The first guy sitting in a barber chair pointed at Mother. “That’s you, in the corral.”

Mother grumbled and gathered his helmet. Don’t these guys know I’m a skipper? he thought. Their disrespect was enough to make him ignore his fears, but only for a moment. After he adjusted his helmet, attached the chin strap and lowered his visor, he pulled up the bar to undog the hatch and stepped out onto the flight deck.

As the wind lashed at his flight suit, his knees began to shake. Less than fifteen feet away was the deck edge and the black nothingness beyond. The eerie yellow glow from the overhead illumination bathed everything in a dull mustard-colored monochrome. He steadied himself on the island bulkhead as he moved forward.

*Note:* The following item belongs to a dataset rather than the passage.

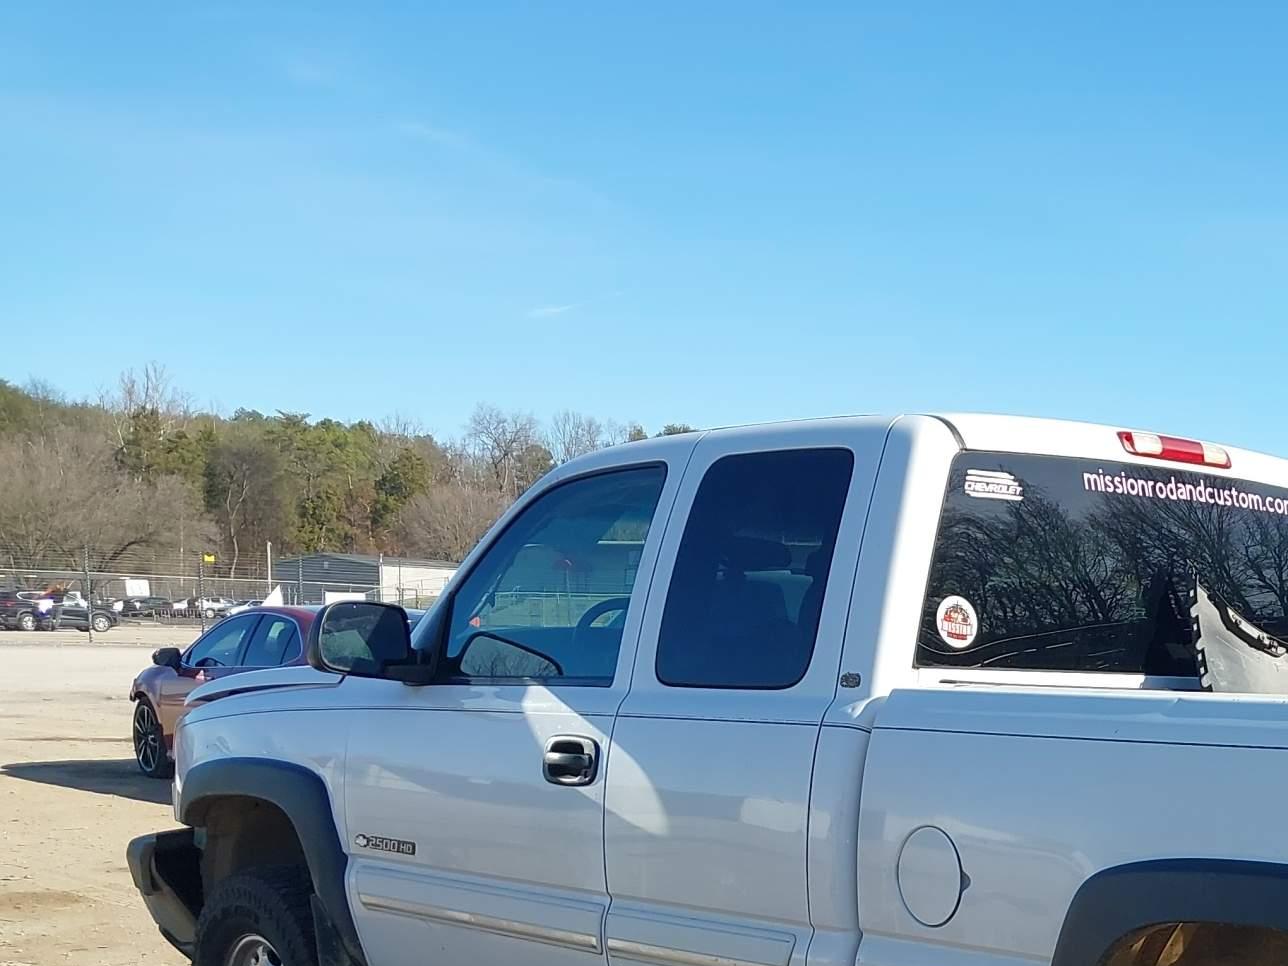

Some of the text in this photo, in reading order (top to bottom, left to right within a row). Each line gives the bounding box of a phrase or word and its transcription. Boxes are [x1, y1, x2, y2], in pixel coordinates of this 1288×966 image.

[964, 480, 1023, 496] CHEVROLET
[369, 837, 413, 853] 2500 HD

Mother saw 306, with his nugget Turnip inside, taxi toward the edge of the deck. With the nose of the jet over the water, the director continued to motion him forward. Inch-by-inch Turnip obeyed, and when the yellow shirt finally turned him, Mother could see that Turnip, in his ejection seat, was out over the black water below. Turnip’s main mount wheel was only inches away from the deck edge coaming as he continued to follow directions, the piercing jet whine from his intakes bombarding Mother’s ears from fifty feet away. Sailors manhandling chains and fuel hoses brushed by Mother as another jet roared to a stop on the angle.

You do not have to do this. The thought entered his mind just as it had when he was Turnip’s age.

After he was tied down, Turnip shut down the left engine, and the plane captain lowered the boarding ladder. Turnip got out and Mother climbed up and in as the thirty-knot wind mixed with hot Hornet engine exhaust gases swirled about him. Given a choice, he would not have gotten in the jet. He had no choice, even though he did.

You do not have to do this…

Turnip climbed back up and crouched on the wing extension next to the cockpit. “It’s a good jet, sir. Miramar is the divert.” He had to shout to be heard.

“What’s the weather here now?” Mother barked.

“Six hundred over, sir. I was breaking out at a mile and a half.”